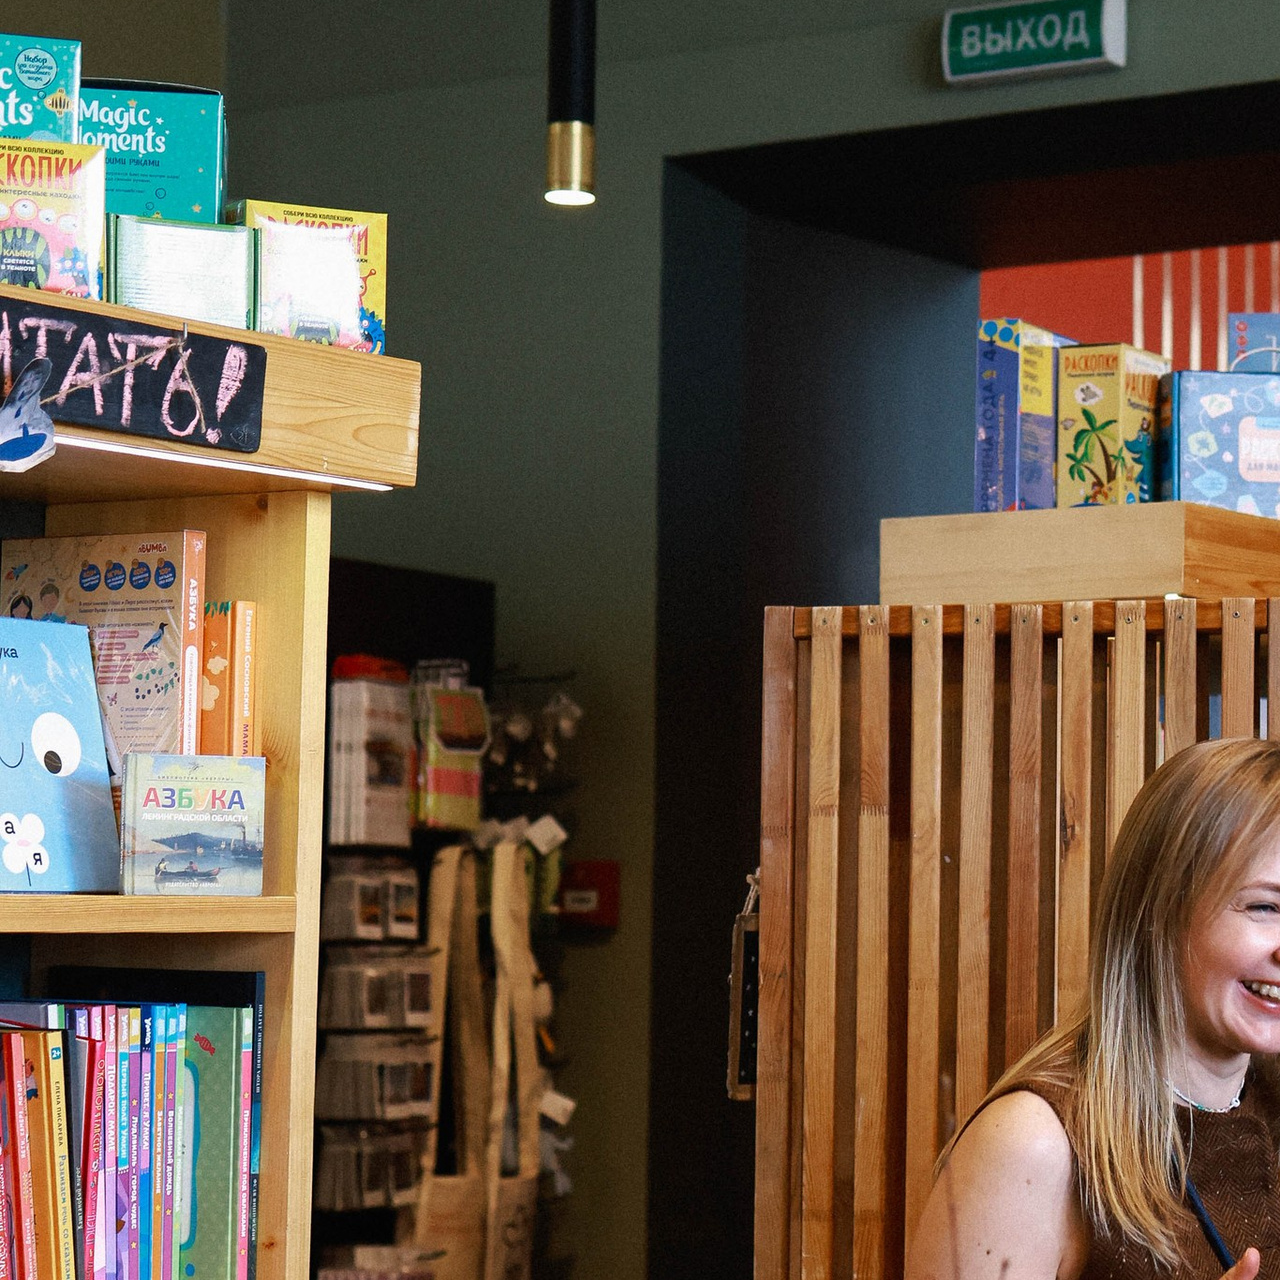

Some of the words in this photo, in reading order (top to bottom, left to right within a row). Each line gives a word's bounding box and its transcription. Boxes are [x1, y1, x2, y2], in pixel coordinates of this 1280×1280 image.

[960, 9, 1090, 58] ВЫХОД
[79, 98, 150, 133] Magic
[23, 146, 64, 155] КОЛЛЕКЦИЮ
[79, 125, 166, 154] oments
[283, 209, 304, 217] СОБЕРИ
[319, 214, 353, 222] КОЛЛЕКЦИЮ
[3, 249, 35, 258] КЛЫКИ
[1064, 354, 1118, 372] РАСКОПКИ
[188, 578, 198, 631] АЗБУКА
[244, 609, 254, 652] Евгений
[242, 654, 253, 717] Сосновский
[142, 787, 246, 811] АЗБУКА
[4, 820, 16, 834] а
[142, 813, 211, 822] ЛЕНИНГРАДСКОЙ
[211, 814, 249, 822] ОБЛАСТИ
[33, 852, 43, 865] я
[54, 1081, 62, 1106] ЕЛЕНА
[108, 1064, 116, 1116] ПОДАРОК
[120, 1061, 129, 1098] ПЕРВЫЙ
[55, 1107, 63, 1147] ПИСАРЕВА
[107, 1119, 116, 1153] МАМЕ
[166, 1110, 174, 1164] ВОЛШЕБНЫЙ
[242, 1110, 250, 1172] ПРИКЛЮЧЕНИЯ
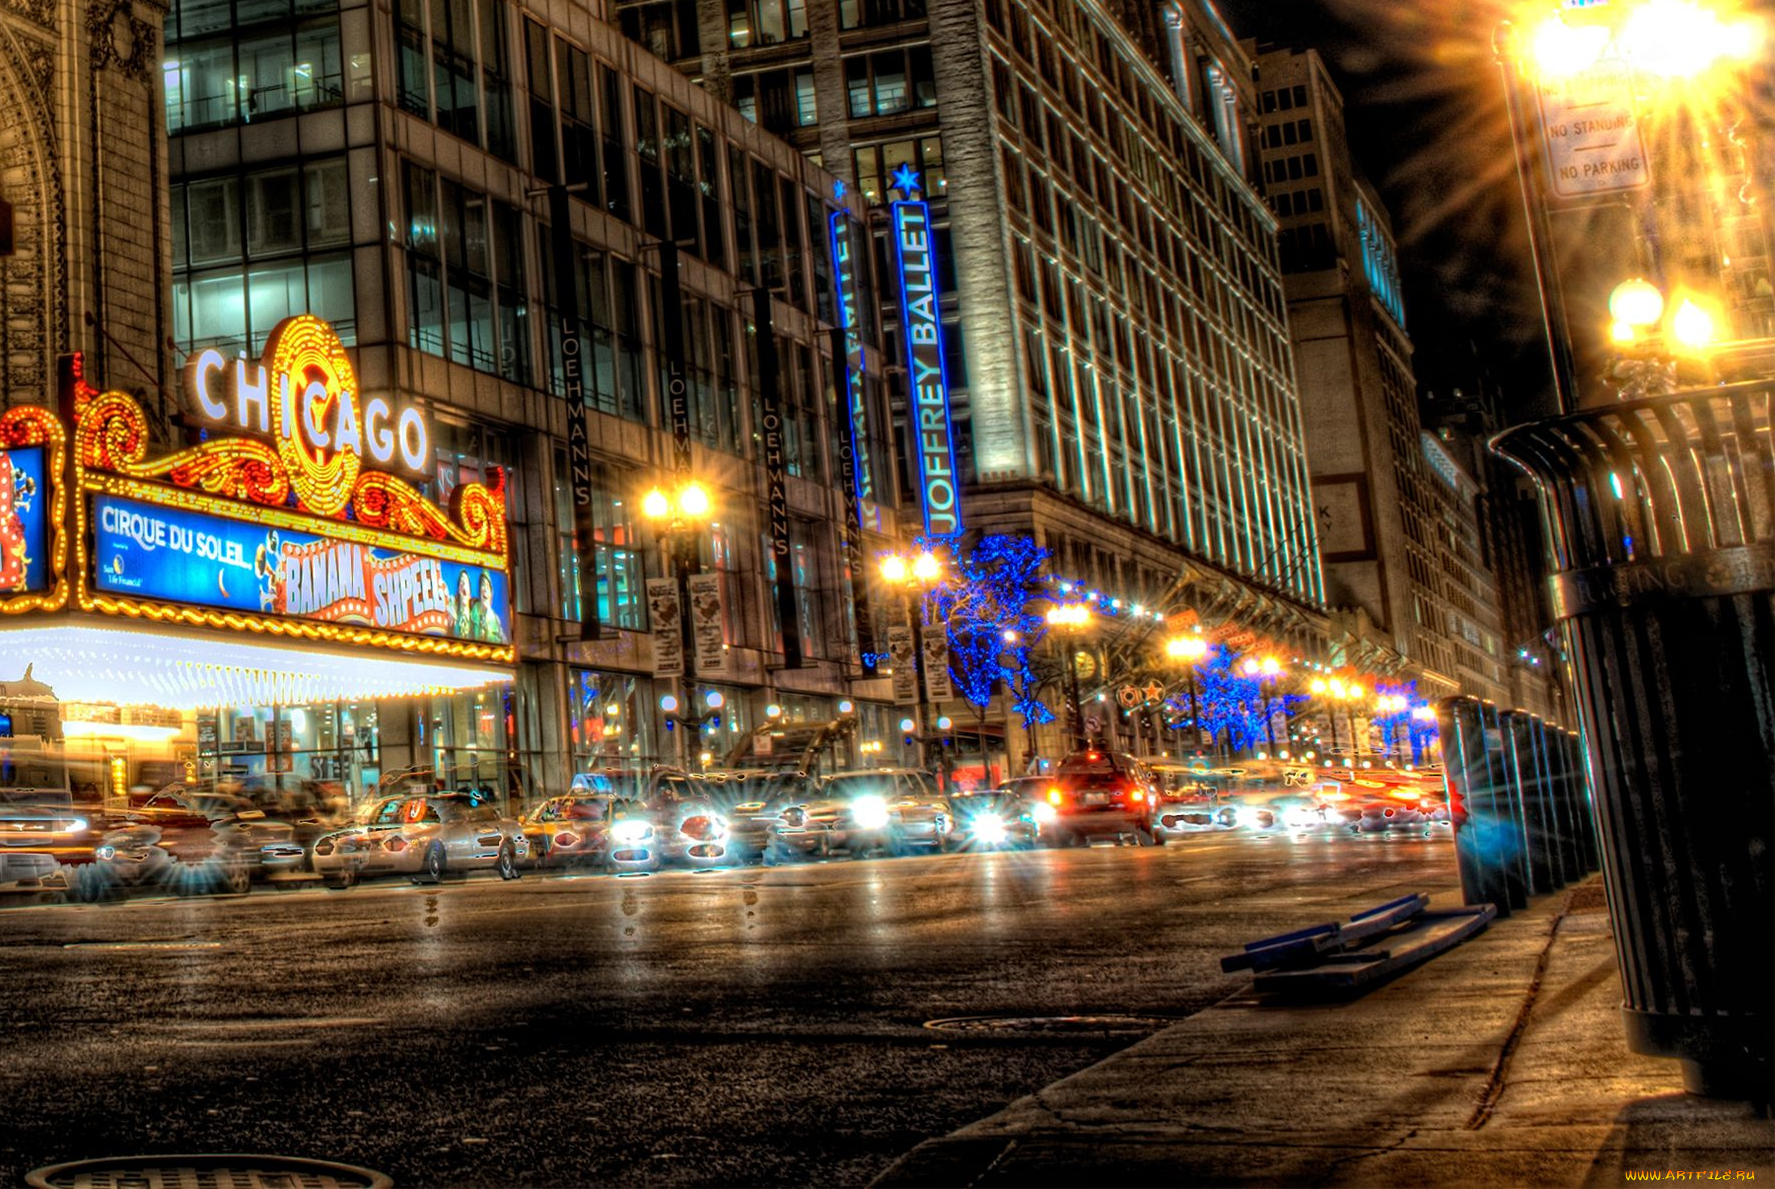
-- -- --
Repeat the listing above verbatim, but exclude the pictures it contains.

Some of the words in this photo, in reading order (top to bottom, left to right within a row). Each line gives a word's bounding box and its transcription. Boxes are [x1, y1, x2, y2], in pixel coordinates of this 1280×1280 image.

[960, 9, 1090, 58] ВЫХОД
[79, 98, 150, 133] Magic
[23, 146, 64, 155] КОЛЛЕКЦИЮ
[79, 125, 166, 154] oments
[283, 209, 304, 217] СОБЕРИ
[319, 214, 353, 222] КОЛЛЕКЦИЮ
[3, 249, 35, 258] КЛЫКИ
[1064, 354, 1118, 372] РАСКОПКИ
[188, 578, 198, 631] АЗБУКА
[244, 609, 254, 652] Евгений
[242, 654, 253, 717] Сосновский
[142, 787, 246, 811] АЗБУКА
[4, 820, 16, 834] а
[142, 813, 211, 822] ЛЕНИНГРАДСКОЙ
[211, 814, 249, 822] ОБЛАСТИ
[33, 852, 43, 865] я
[54, 1081, 62, 1106] ЕЛЕНА
[108, 1064, 116, 1116] ПОДАРОК
[120, 1061, 129, 1098] ПЕРВЫЙ
[55, 1107, 63, 1147] ПИСАРЕВА
[107, 1119, 116, 1153] МАМЕ
[166, 1110, 174, 1164] ВОЛШЕБНЫЙ
[242, 1110, 250, 1172] ПРИКЛЮЧЕНИЯ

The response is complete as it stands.